Kaiser Kuo [00:12:04] Sure. I think we need to go back a little bit further than that, just a little bit of context. You know, fires happen and sometimes they have people really, really angry but this particular fire happened in sort of a context of really, really severe lockdowns in many Chinese cities. And of course, there is the allegation, and I think pretty strong evidence to suggest that is indeed the case, that the lockdowns themselves in this particular building, in this particular area, really contributed to the inability of firefighters to get the fire under control and to save people from dying.
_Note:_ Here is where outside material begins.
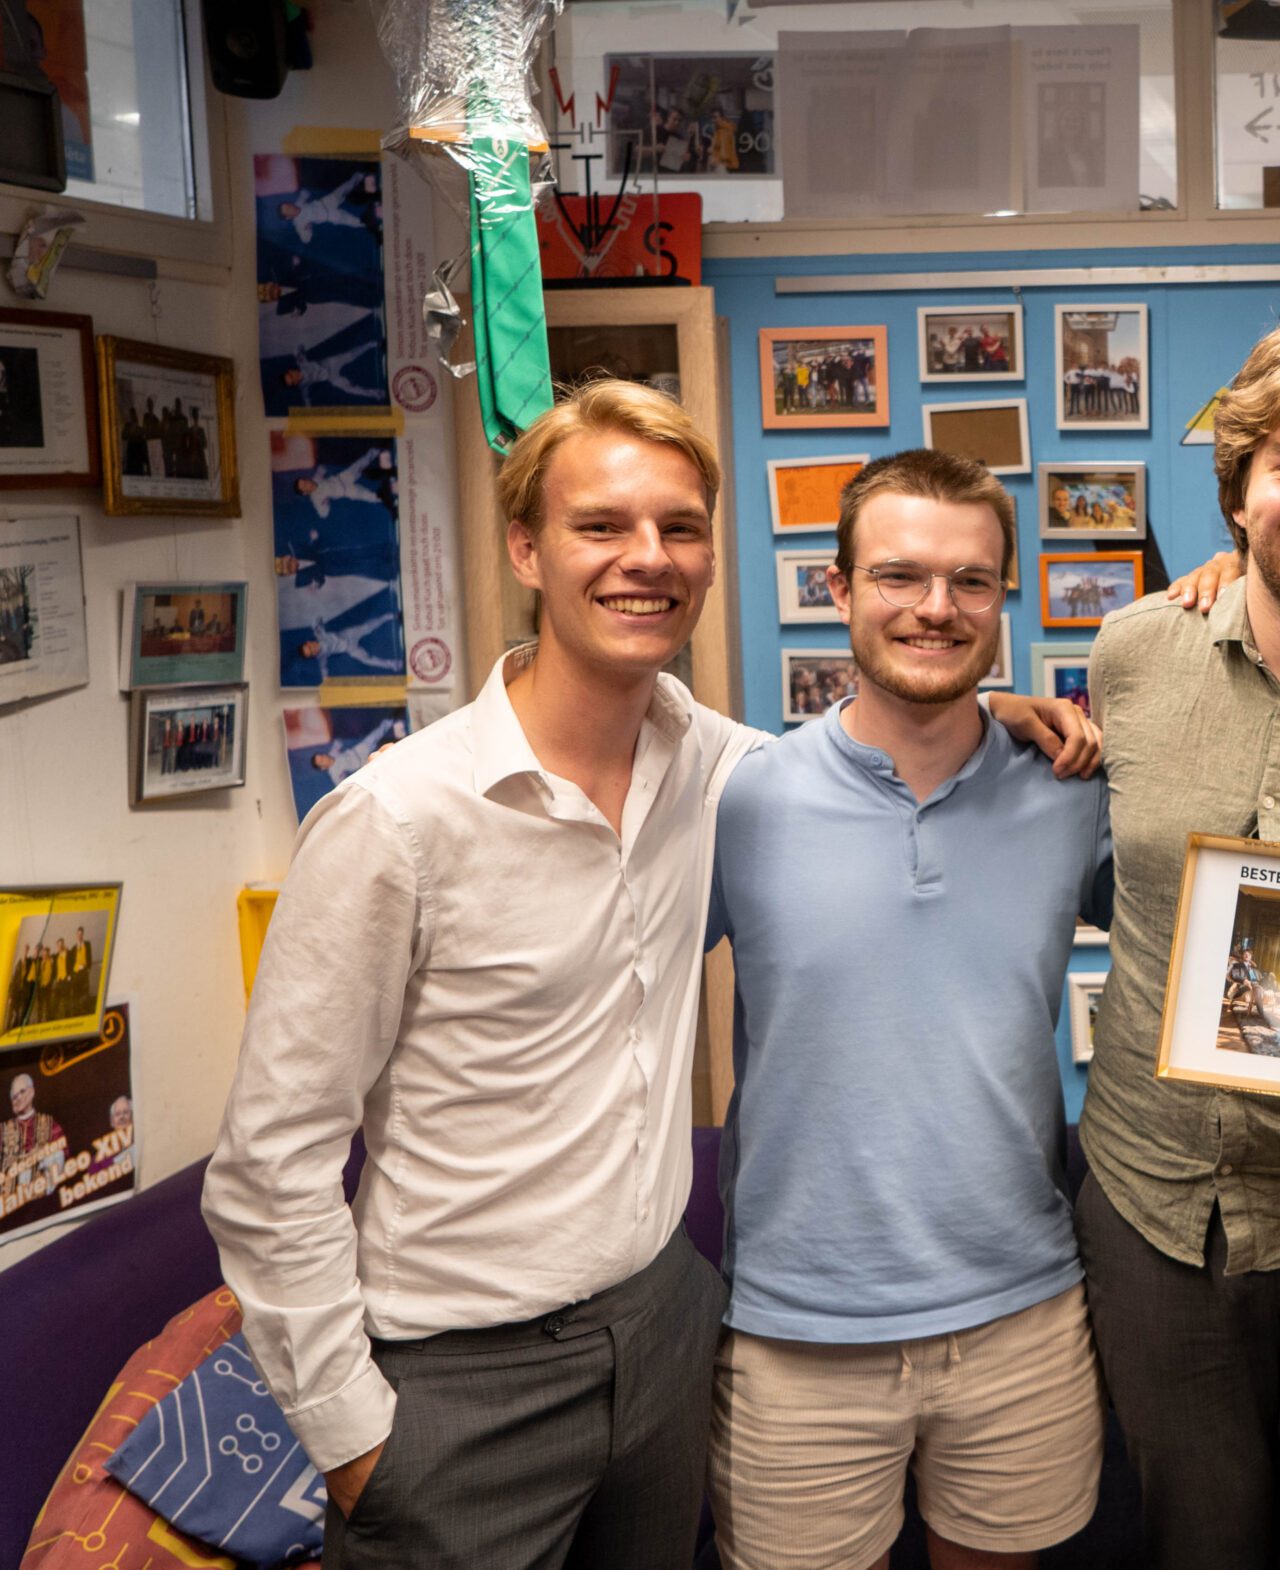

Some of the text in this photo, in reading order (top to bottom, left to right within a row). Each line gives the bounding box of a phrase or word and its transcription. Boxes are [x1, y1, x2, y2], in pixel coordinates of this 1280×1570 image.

[51, 1150, 92, 1185] Leo
[92, 1124, 134, 1163] XIV
[58, 1154, 132, 1208] bekend
Ten people at least died in that conflagration. But three years ago, when it broke out, China cracked down on the virus really severely. And it was, you know, feeling a little triumphalist by April or May of last year. There were a lot of photos circulating and being circulated deliberately by Chinese propaganda authorities to show, hey, look, we’ve got this thing quashed now. Zero COVID has worked. We’re throwing gigantic pool parties now. No one has to wear masks indoors. We’ve got rock festivals. You know, the bars are open; they’re going to restaurants. But when Delta and Omicron, especially the Omicron variant, hit China, although the outbreaks are really, really small, even right now, the current very large outbreaks by U.S. or other, you know, Western countries standards are very, very small. But the potential for it is huge. So, they’ve cracked down. They’ve, you know, instituted very, very strict lockdowns in many, many cities.

What is China’s Zero-Covid policy?

Mark L. Goldberg [00:13:37] Can I ask, what do these lockdowns look like by those who are experiencing them?

Kaiser Kuo [00:13:44] So what happens typically in, you know, a typical Chinese city is there will be a positive case. Sometimes that’s external transmission. Somebody came back and somehow, after many days in quarantine, they didn’t have symptoms or they didn’t, you know, show positive. And then there’s a transmission or sometimes it’s a false positive. So, what happens is they will lock down either a building itself or sometimes an entire compound. Often, apartment buildings are part of big blocks of, you know, multiple buildings. And so, they’ll lock down that whole neighborhood or adjoining buildings or adjacent buildings or even buildings just, you know, a block away. And they will, you know, in some severe cases, put chains on doors or actually weld gates shuts or limit the number of egress or entry points to a compound or to a building. They try their level best, I suppose. I mean, we can take this on good faith that they ensure that people are delivered food and other necessities, but no one comes in and out of the buildings except with special permissions.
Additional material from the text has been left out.